> WHAT IS REQUIRED
An exact copy of every entry is needed here; the images stay out.

- - - - - - -

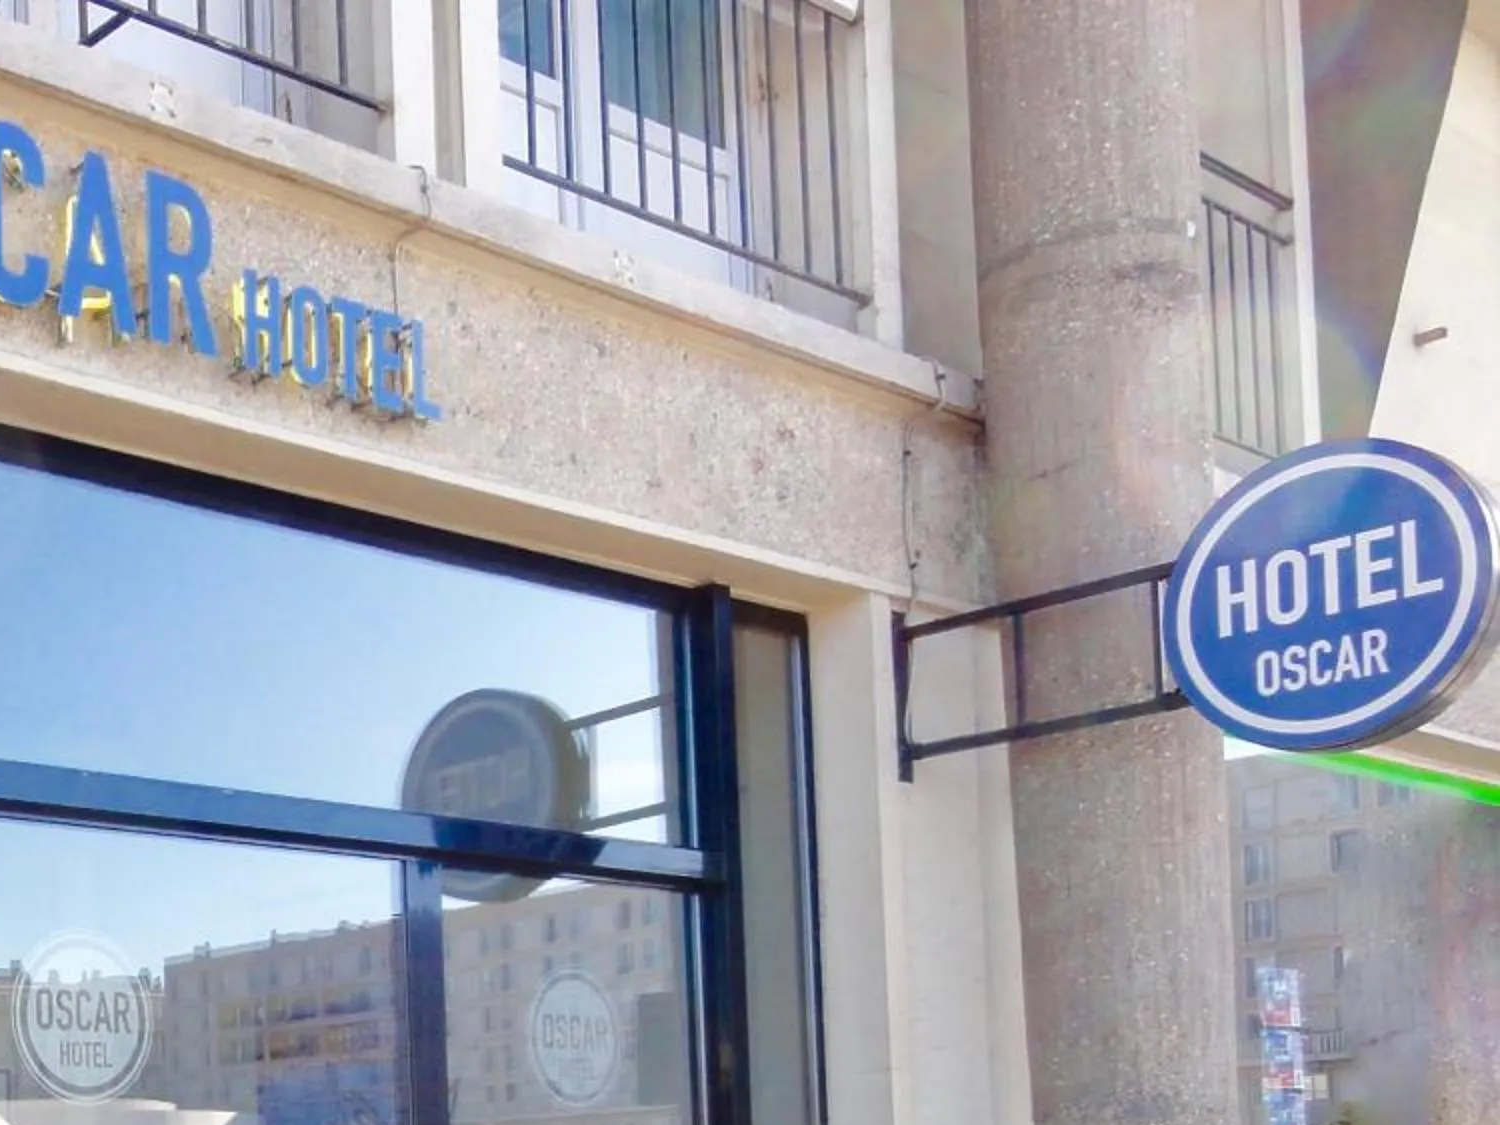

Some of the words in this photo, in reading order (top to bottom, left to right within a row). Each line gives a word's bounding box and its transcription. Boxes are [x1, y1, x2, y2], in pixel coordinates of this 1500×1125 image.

[235, 267, 441, 421] HOTEL
[1216, 519, 1445, 638] HOTEL
[1255, 629, 1390, 697] OSCAR
[35, 988, 132, 1035] OSCAR
[542, 1013, 608, 1053] OSCAR
[59, 1040, 114, 1069] HOTEL
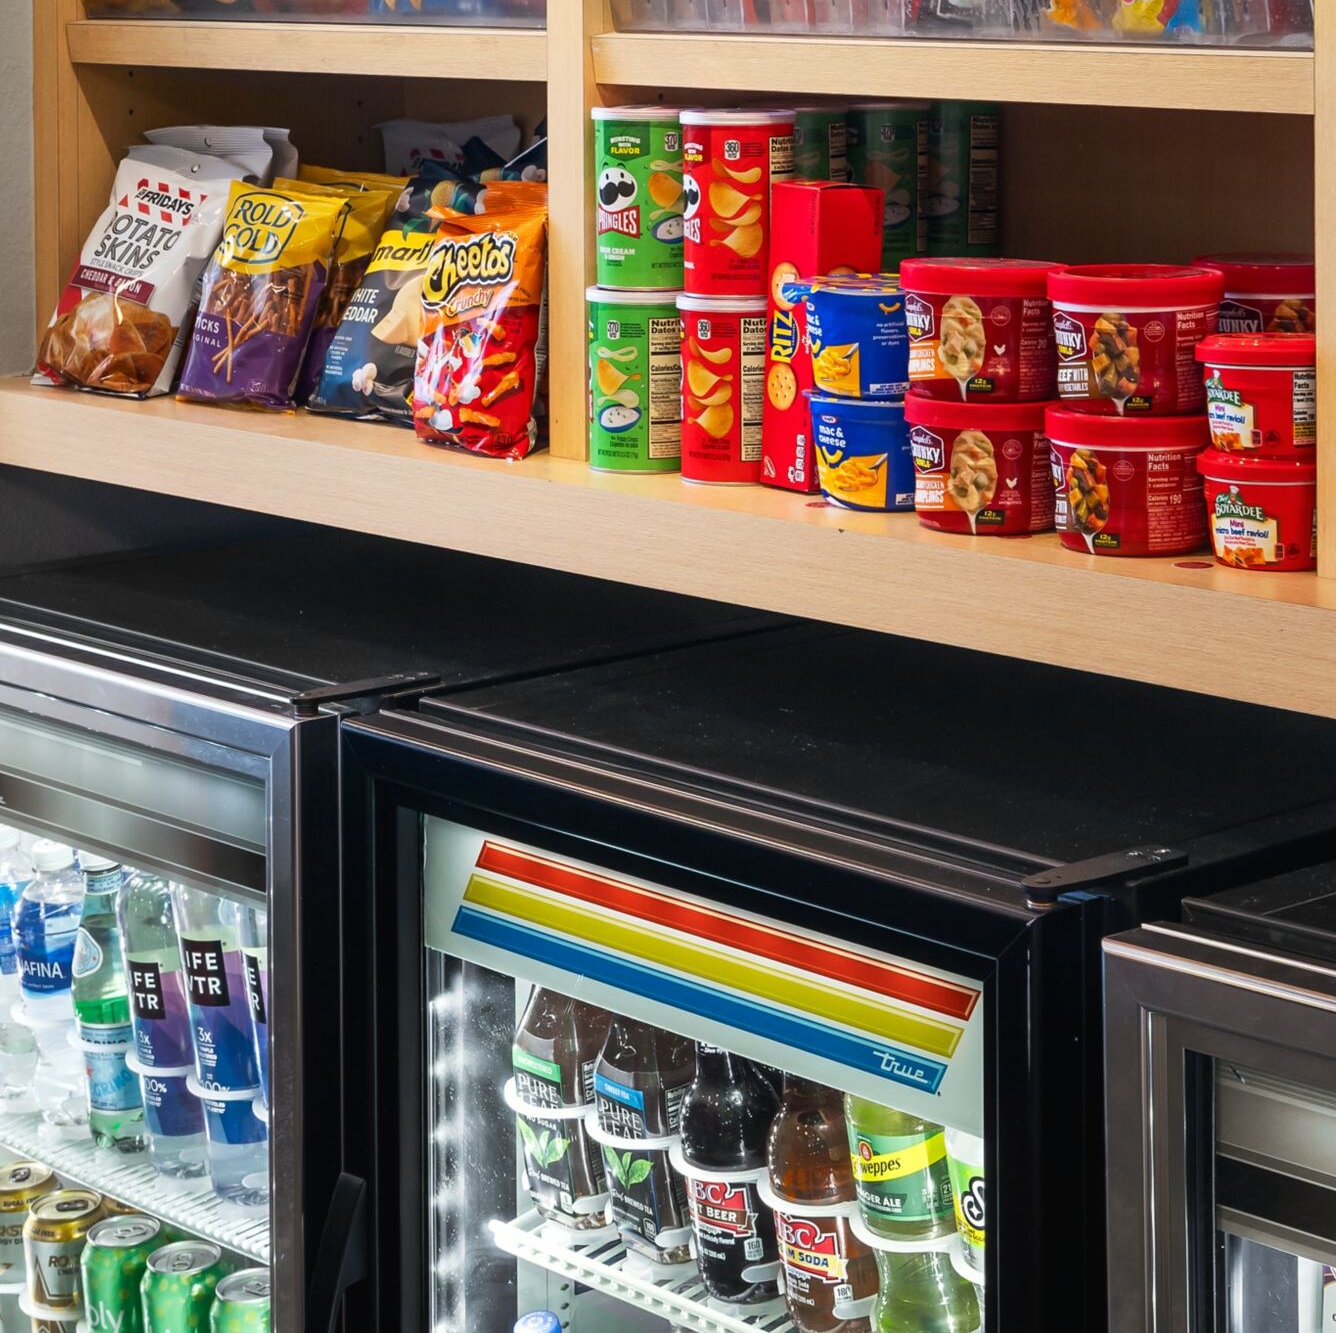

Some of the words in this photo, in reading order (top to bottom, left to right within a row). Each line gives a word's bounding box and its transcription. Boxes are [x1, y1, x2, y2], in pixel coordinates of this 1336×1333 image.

[610, 146, 641, 155] FLAVOR
[725, 141, 739, 154] 360
[141, 190, 194, 215] FRIDAYS
[233, 199, 293, 228] ROLD
[224, 223, 281, 255] GOLD
[94, 234, 160, 270] SKINS
[80, 269, 108, 283] CHEDDAR
[422, 232, 512, 304] Cheetos
[350, 288, 379, 304] HITE
[446, 288, 493, 317] Crunchy
[343, 306, 379, 324] EDDAR
[1177, 311, 1205, 322] Nutrition
[607, 321, 619, 333] 370
[651, 326, 675, 334] Datos
[1177, 321, 1196, 330] Facts
[770, 309, 794, 364] RITZ
[1226, 415, 1246, 425] ravioli
[818, 424, 835, 437] mac
[836, 427, 844, 438] &
[818, 434, 846, 448] cheese
[1148, 454, 1182, 462] Nutrition
[1148, 462, 1170, 471] Facts
[1169, 493, 1182, 505] 190
[1215, 502, 1264, 521] BOYARDEE
[1230, 519, 1245, 528] Mini
[1231, 527, 1246, 537] beef
[1246, 529, 1270, 539] ravioli
[184, 951, 218, 970] IFE
[198, 1026, 213, 1043] 3x
[875, 1051, 929, 1084] true
[518, 1073, 559, 1104] PURE
[604, 1083, 620, 1097] SWEET
[620, 1091, 630, 1100] TEA
[600, 1097, 643, 1131] PURE
[560, 1183, 570, 1192] TEA
[693, 1180, 722, 1205] BC
[625, 1195, 644, 1212] BREWED
[644, 1205, 653, 1216] TEA
[882, 1196, 902, 1207] ALE
[706, 1205, 737, 1223] BEER
[782, 1223, 812, 1249] BC
[747, 1241, 760, 1250] 160
[798, 1252, 829, 1268] SODA
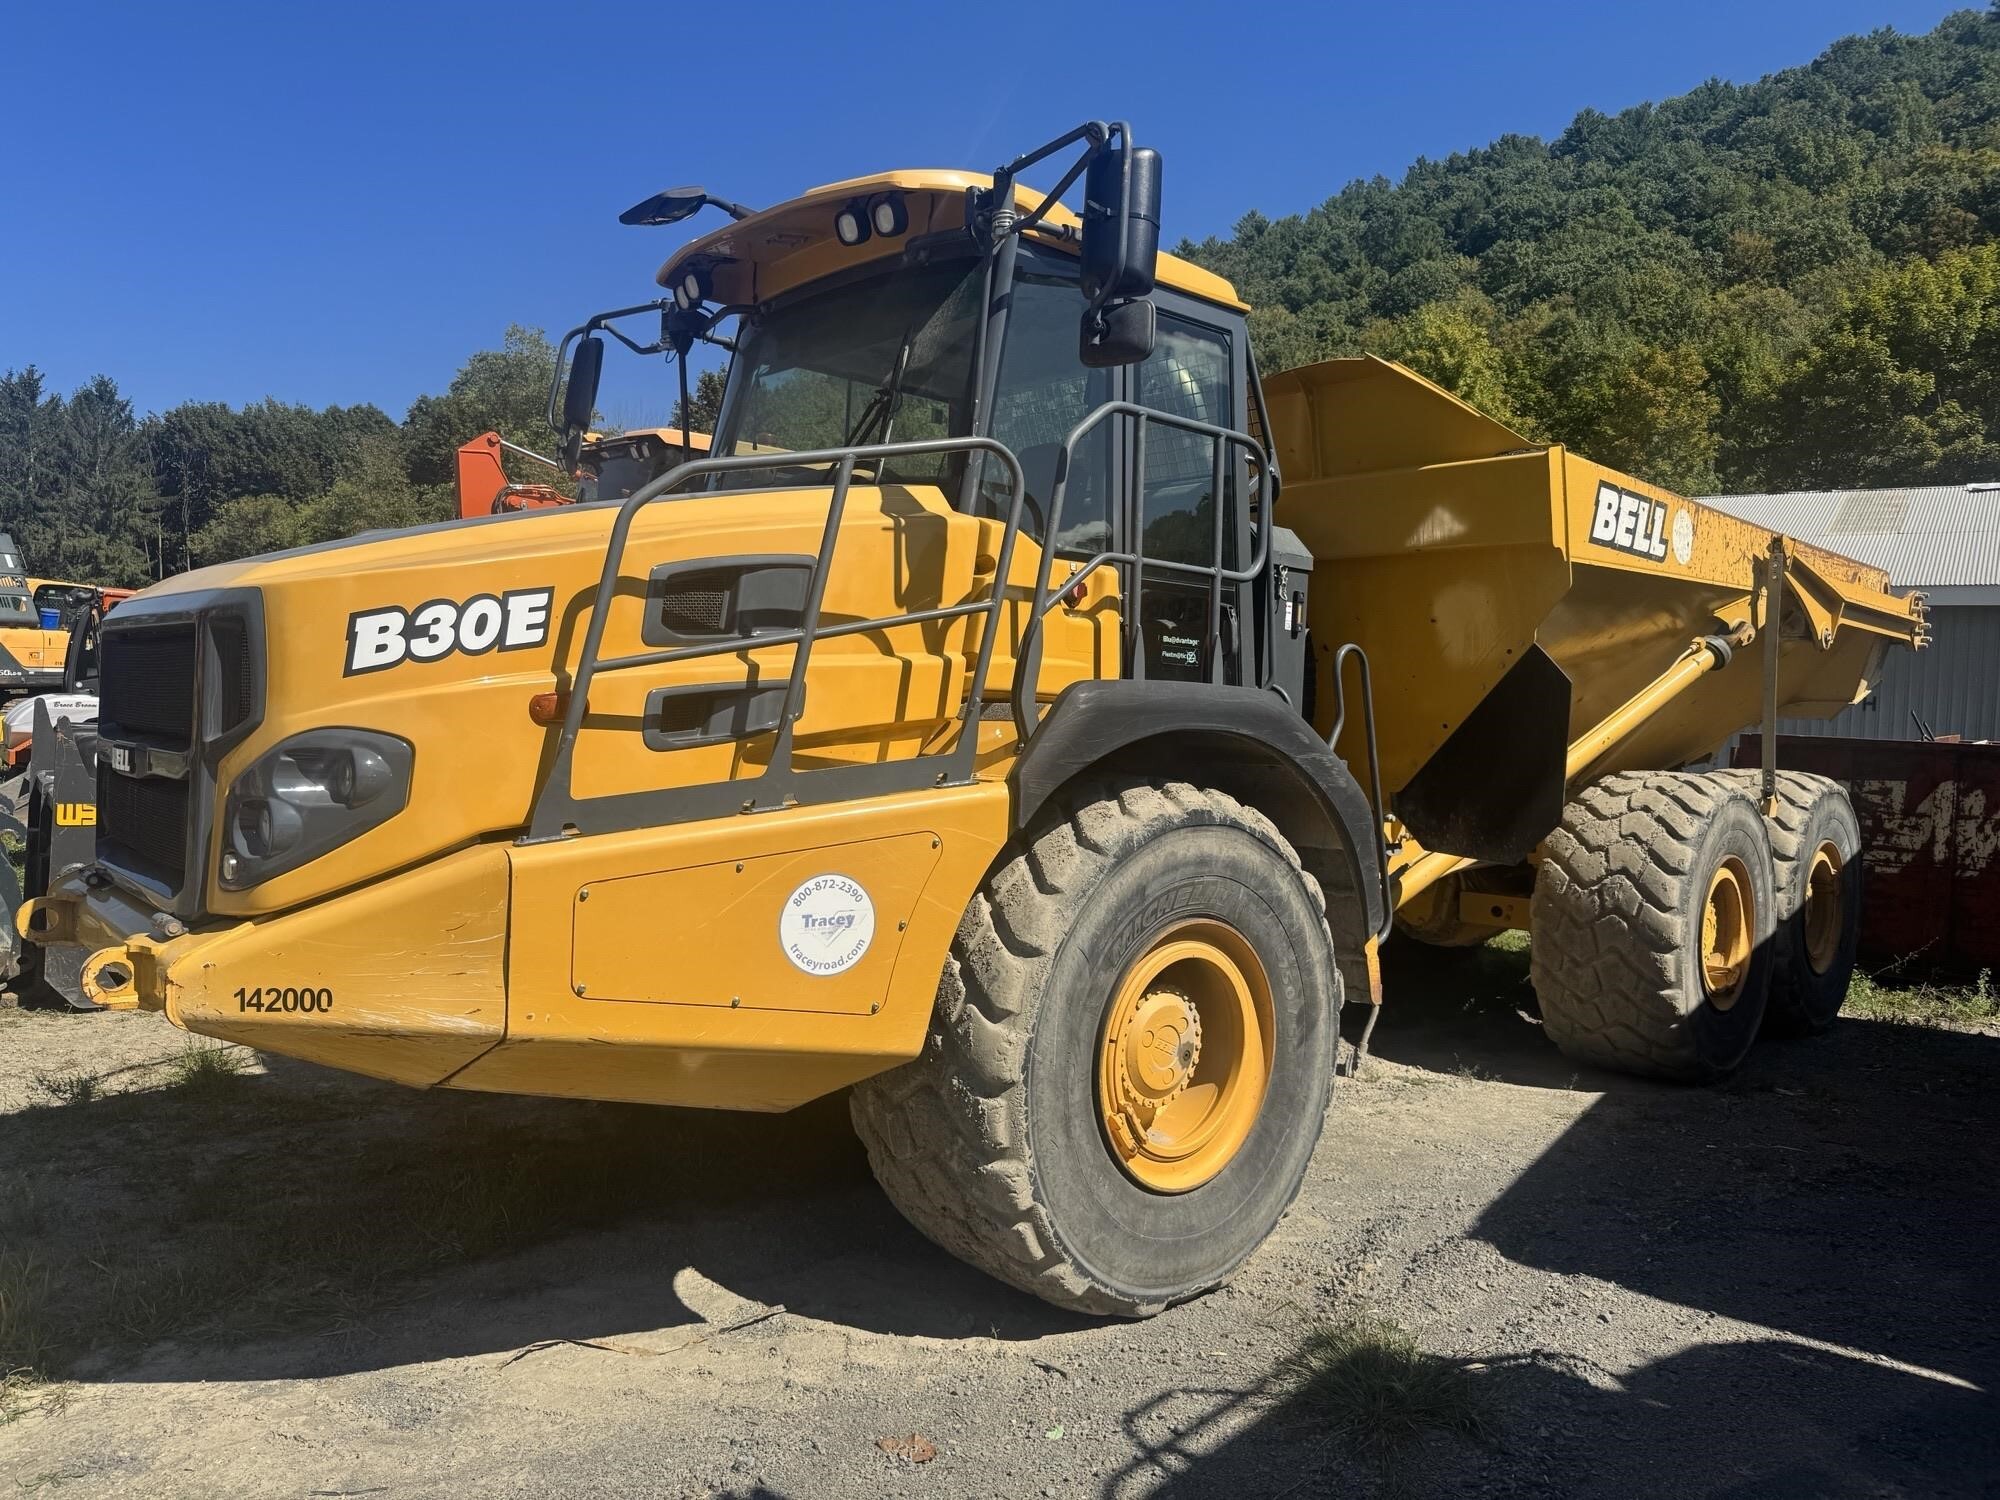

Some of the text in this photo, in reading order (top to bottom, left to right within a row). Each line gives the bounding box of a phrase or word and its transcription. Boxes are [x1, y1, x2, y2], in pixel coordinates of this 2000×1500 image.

- - - - - - -

> OUTPUT OF THE EXERCISE
Some of the words in this photo, in reading order (top to bottom, left to right within a row). Each line gives a word's bounding box and its transcription. Boxes are [x1, y1, x2, y2], in pixel coordinates of this 1500×1125 image.

[235, 267, 441, 421] HOTEL
[1216, 519, 1445, 638] HOTEL
[1255, 629, 1390, 697] OSCAR
[35, 988, 132, 1035] OSCAR
[542, 1013, 608, 1053] OSCAR
[59, 1040, 114, 1069] HOTEL

Some of the words in this photo, in reading order (top to bottom, left to right within a row). Each line gives a word's bounding box and its transcription. Boxes are [x1, y1, x2, y2], in pixel coordinates of this 1336×1333 image.

[610, 146, 641, 155] FLAVOR
[725, 141, 739, 154] 360
[141, 190, 194, 215] FRIDAYS
[233, 199, 293, 228] ROLD
[224, 223, 281, 255] GOLD
[94, 234, 160, 270] SKINS
[80, 269, 108, 283] CHEDDAR
[422, 232, 512, 304] Cheetos
[350, 288, 379, 304] HITE
[446, 288, 493, 317] Crunchy
[343, 306, 379, 324] EDDAR
[1177, 311, 1205, 322] Nutrition
[607, 321, 619, 333] 370
[651, 326, 675, 334] Datos
[1177, 321, 1196, 330] Facts
[770, 309, 794, 364] RITZ
[1226, 415, 1246, 425] ravioli
[818, 424, 835, 437] mac
[836, 427, 844, 438] &
[818, 434, 846, 448] cheese
[1148, 454, 1182, 462] Nutrition
[1148, 462, 1170, 471] Facts
[1169, 493, 1182, 505] 190
[1215, 502, 1264, 521] BOYARDEE
[1230, 519, 1245, 528] Mini
[1231, 527, 1246, 537] beef
[1246, 529, 1270, 539] ravioli
[184, 951, 218, 970] IFE
[198, 1026, 213, 1043] 3x
[875, 1051, 929, 1084] true
[518, 1073, 559, 1104] PURE
[604, 1083, 620, 1097] SWEET
[620, 1091, 630, 1100] TEA
[600, 1097, 643, 1131] PURE
[560, 1183, 570, 1192] TEA
[693, 1180, 722, 1205] BC
[625, 1195, 644, 1212] BREWED
[644, 1205, 653, 1216] TEA
[882, 1196, 902, 1207] ALE
[706, 1205, 737, 1223] BEER
[782, 1223, 812, 1249] BC
[747, 1241, 760, 1250] 160
[798, 1252, 829, 1268] SODA

Some of the text in this photo, in reading order (top to bottom, left to right within a row). Each line gives the bounding box of a phrase or word and its transcription. Boxes are [x1, y1, x2, y2], in pixel coordinates of this 2000×1500 image.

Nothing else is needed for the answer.